- WHAT IS EXPECTED -
Below are records to repeat exactly; do not include any pictures.

DATA SHOWN Start Marker

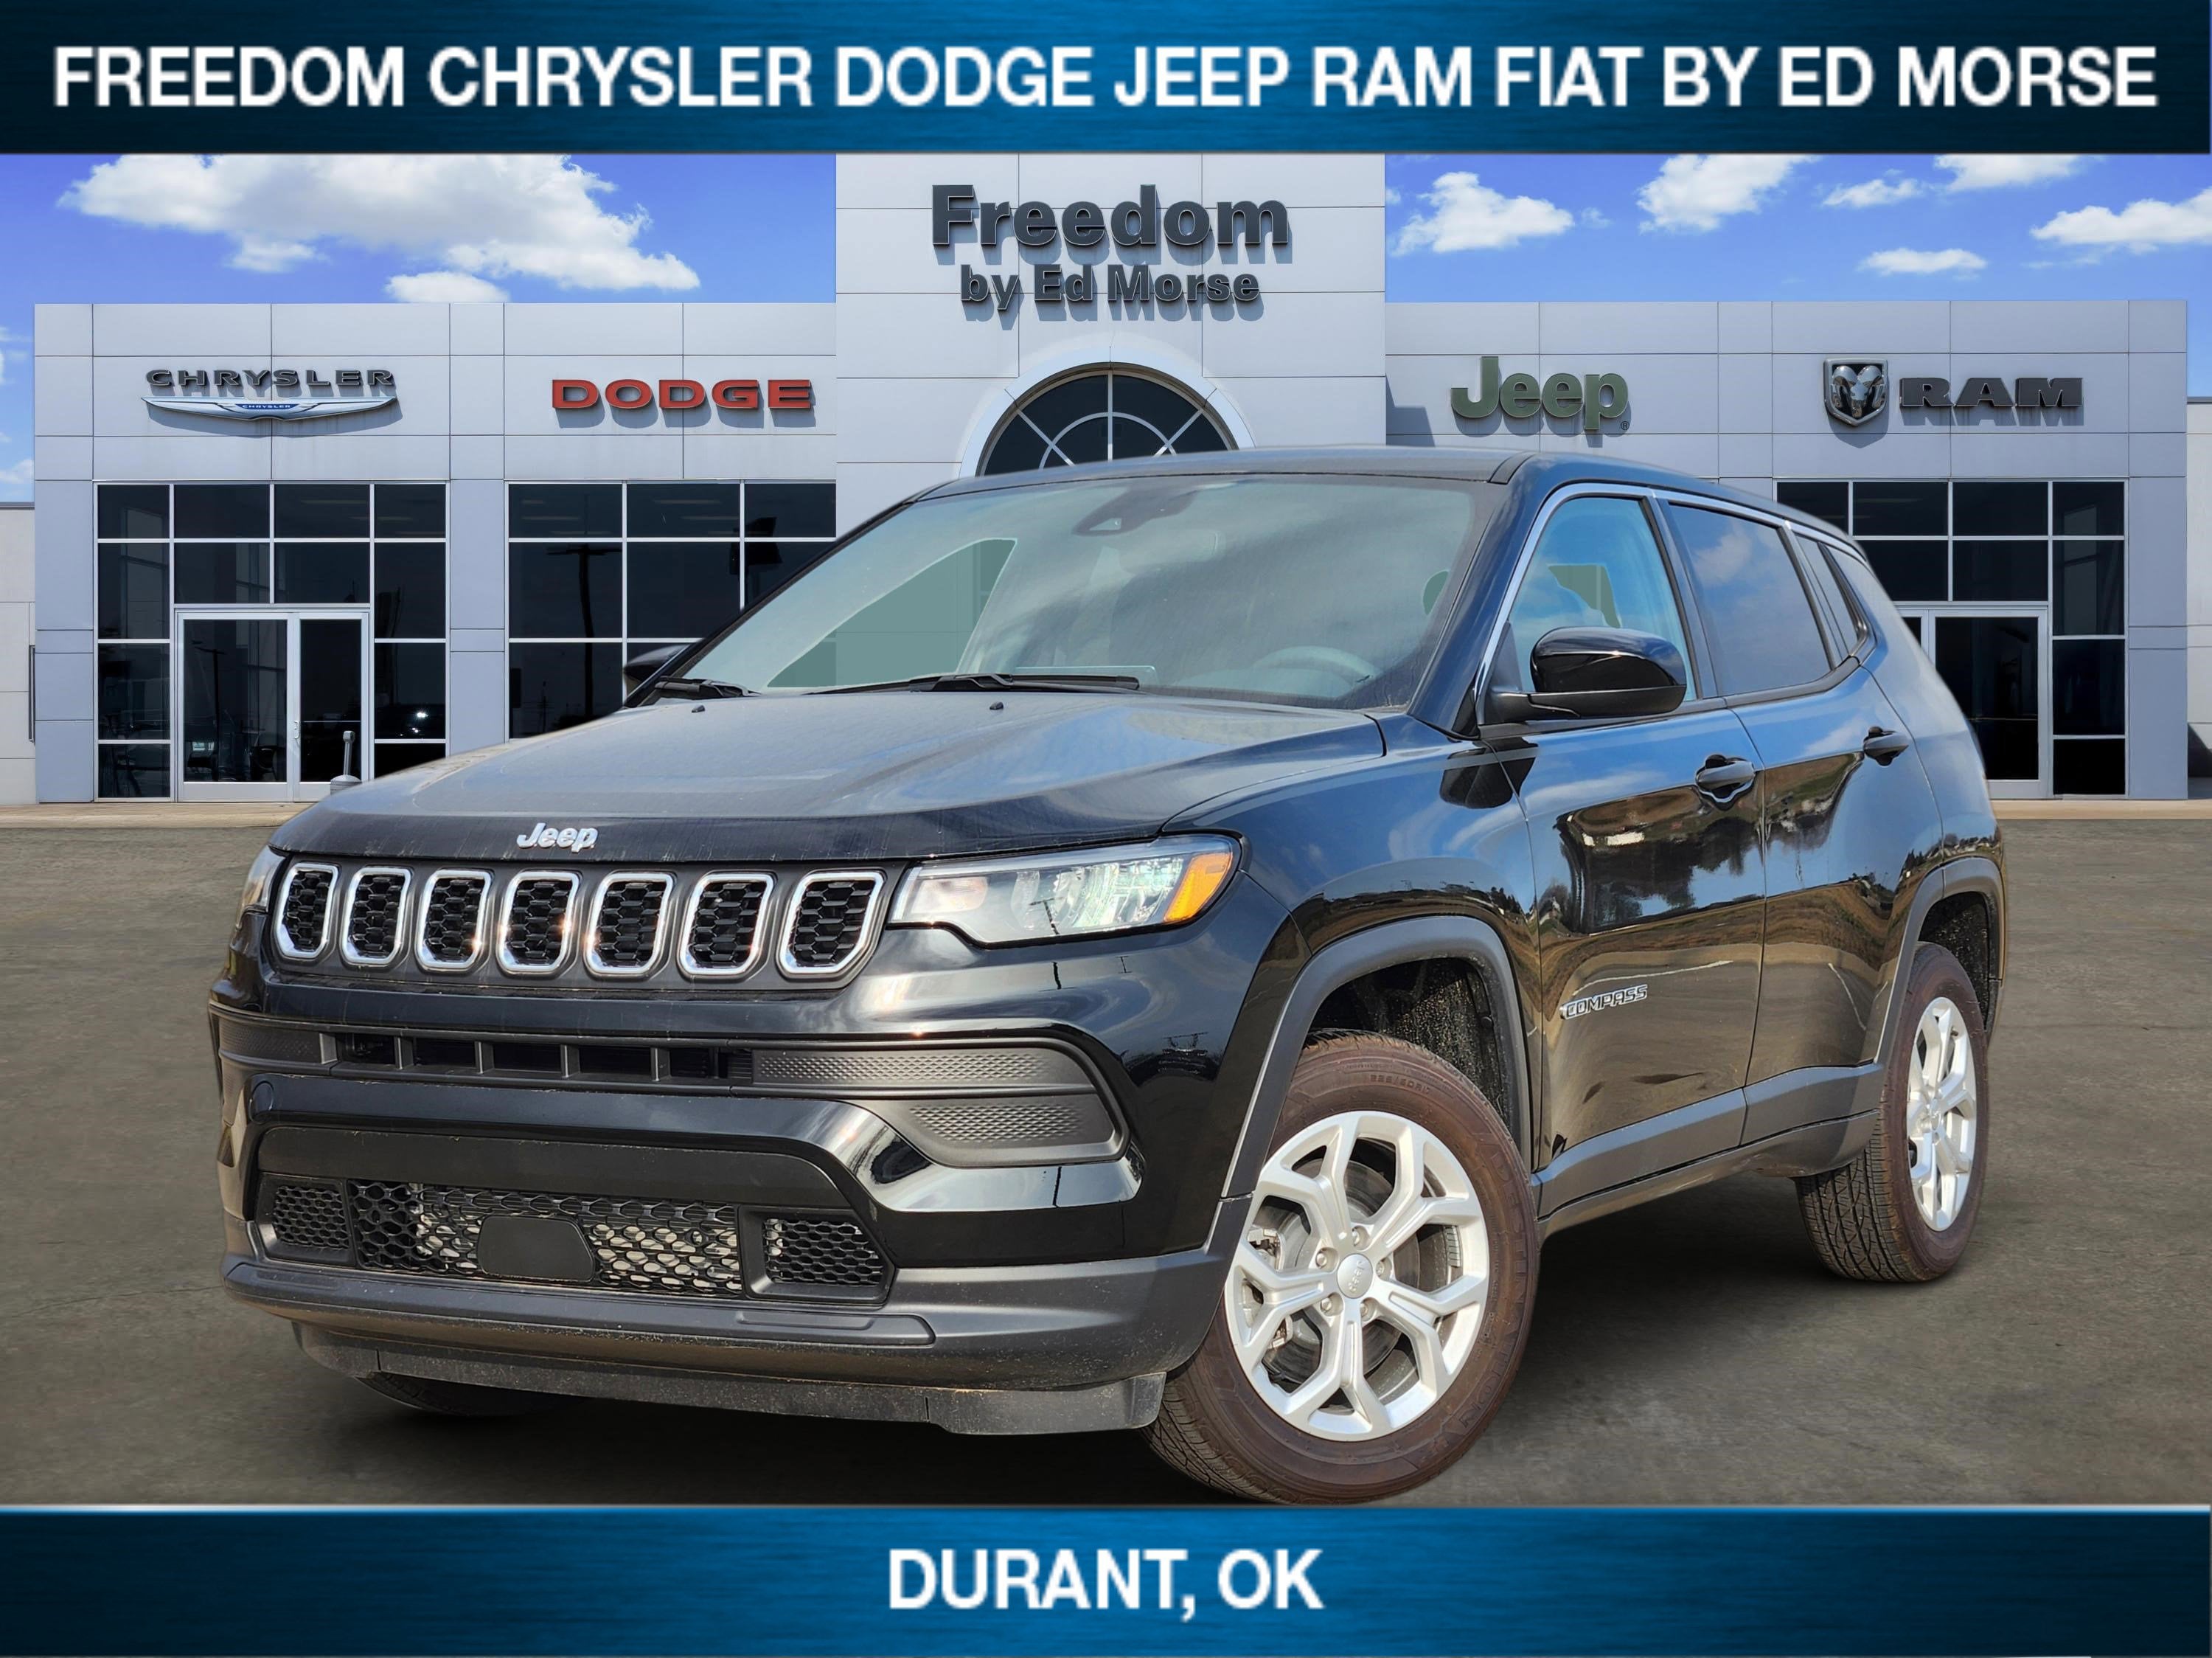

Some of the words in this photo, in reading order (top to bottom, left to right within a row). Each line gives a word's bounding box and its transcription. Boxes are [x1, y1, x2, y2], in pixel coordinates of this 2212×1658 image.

[931, 184, 1289, 246] Freedom
[960, 264, 1019, 311] by
[1034, 264, 1093, 301] Ed
[1107, 264, 1260, 302] Morse
[145, 369, 396, 387] CHRYSLER
[552, 378, 812, 409] DODGE
[1450, 355, 1629, 430] Jeep
[1899, 377, 2084, 408] RAM
[516, 822, 599, 853] Jeep
[1565, 984, 1649, 1019] COMPASS
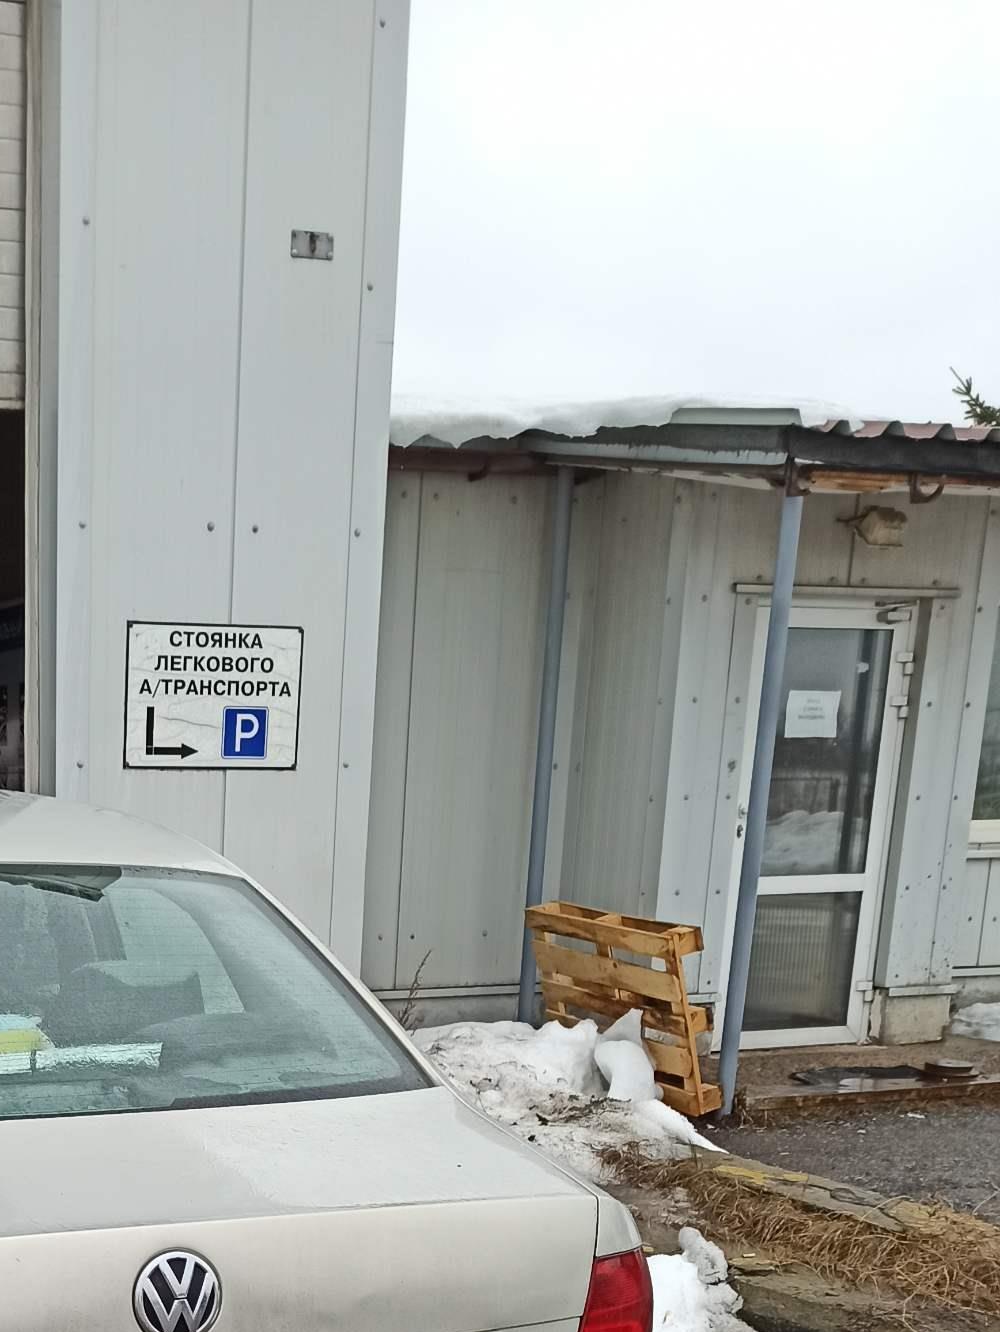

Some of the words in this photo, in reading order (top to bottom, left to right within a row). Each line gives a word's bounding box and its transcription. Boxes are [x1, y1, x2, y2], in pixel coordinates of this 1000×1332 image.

[168, 630, 264, 650] СТОЯНКА
[154, 655, 275, 674] ЛЕГКОВОГО
[138, 678, 292, 698] А/ТРАНСПОРТА
[234, 712, 260, 753] P
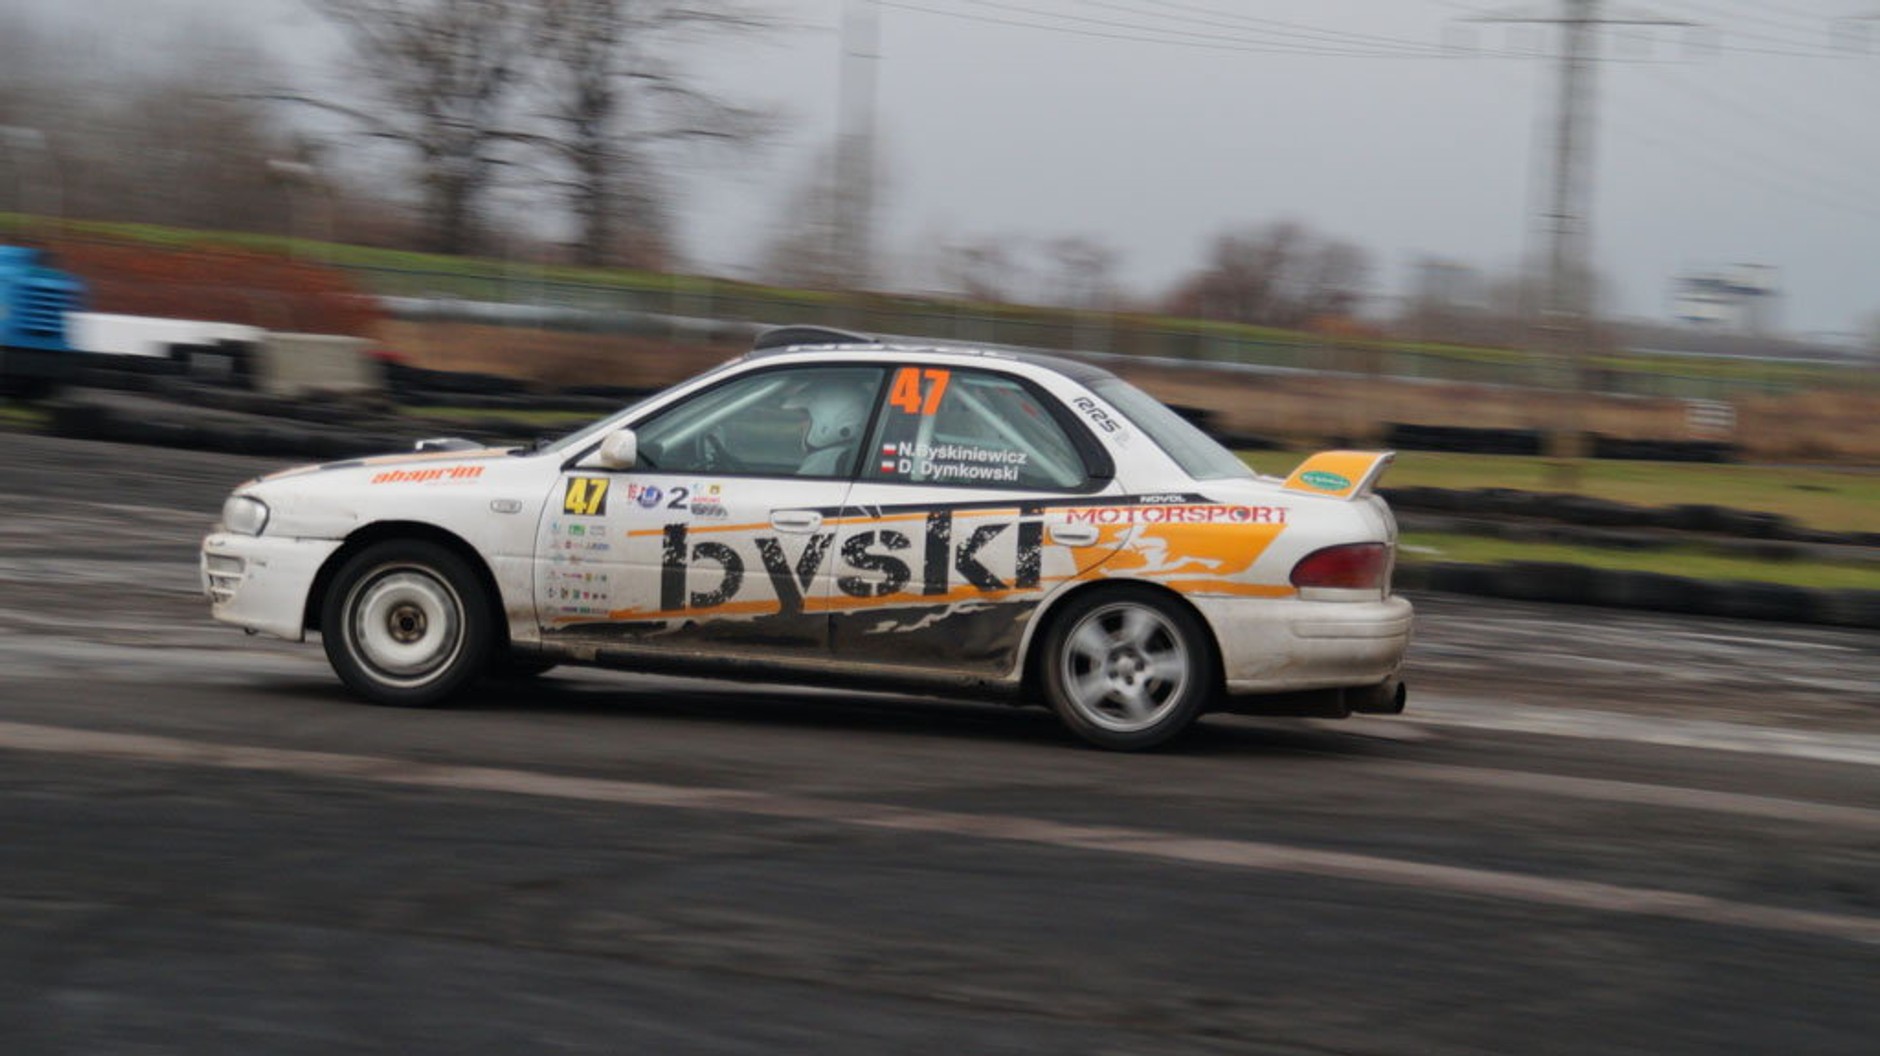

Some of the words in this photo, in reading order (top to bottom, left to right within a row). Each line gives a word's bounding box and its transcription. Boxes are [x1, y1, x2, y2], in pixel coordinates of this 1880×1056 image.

[890, 367, 951, 416] 47
[1073, 396, 1122, 433] RRS
[898, 458, 916, 475] D.
[920, 460, 1019, 481] Dymkowski
[564, 477, 610, 516] 47
[667, 486, 690, 510] 2
[1065, 505, 1291, 526] MOTORSPORT

DATA SHOWN End Marker

- ANSWER FOR THIS EXERCISE -
Some of the words in this photo, in reading order (top to bottom, left to right within a row). Each line gives a word's bounding box and its transcription. Boxes are [x1, y1, x2, y2], in pixel coordinates of this 2212×1658 image.

[931, 184, 1289, 246] Freedom
[960, 264, 1019, 311] by
[1034, 264, 1093, 301] Ed
[1107, 264, 1260, 302] Morse
[145, 369, 396, 387] CHRYSLER
[552, 378, 812, 409] DODGE
[1450, 355, 1629, 430] Jeep
[1899, 377, 2084, 408] RAM
[516, 822, 599, 853] Jeep
[1565, 984, 1649, 1019] COMPASS

Some of the words in this photo, in reading order (top to bottom, left to right within a row). Each line gives a word's bounding box and its transcription. Boxes are [x1, y1, x2, y2], in pixel coordinates of this 1000×1332 image.

[168, 630, 264, 650] СТОЯНКА
[154, 655, 275, 674] ЛЕГКОВОГО
[138, 678, 292, 698] А/ТРАНСПОРТА
[234, 712, 260, 753] P

Some of the words in this photo, in reading order (top to bottom, left to right within a row). Each line gives a word's bounding box and its transcription. Boxes are [x1, y1, x2, y2], in pixel coordinates of this 1880×1056 image.

[890, 367, 951, 416] 47
[1073, 396, 1122, 433] RRS
[898, 458, 916, 475] D.
[920, 460, 1019, 481] Dymkowski
[564, 477, 610, 516] 47
[667, 486, 690, 510] 2
[1065, 505, 1291, 526] MOTORSPORT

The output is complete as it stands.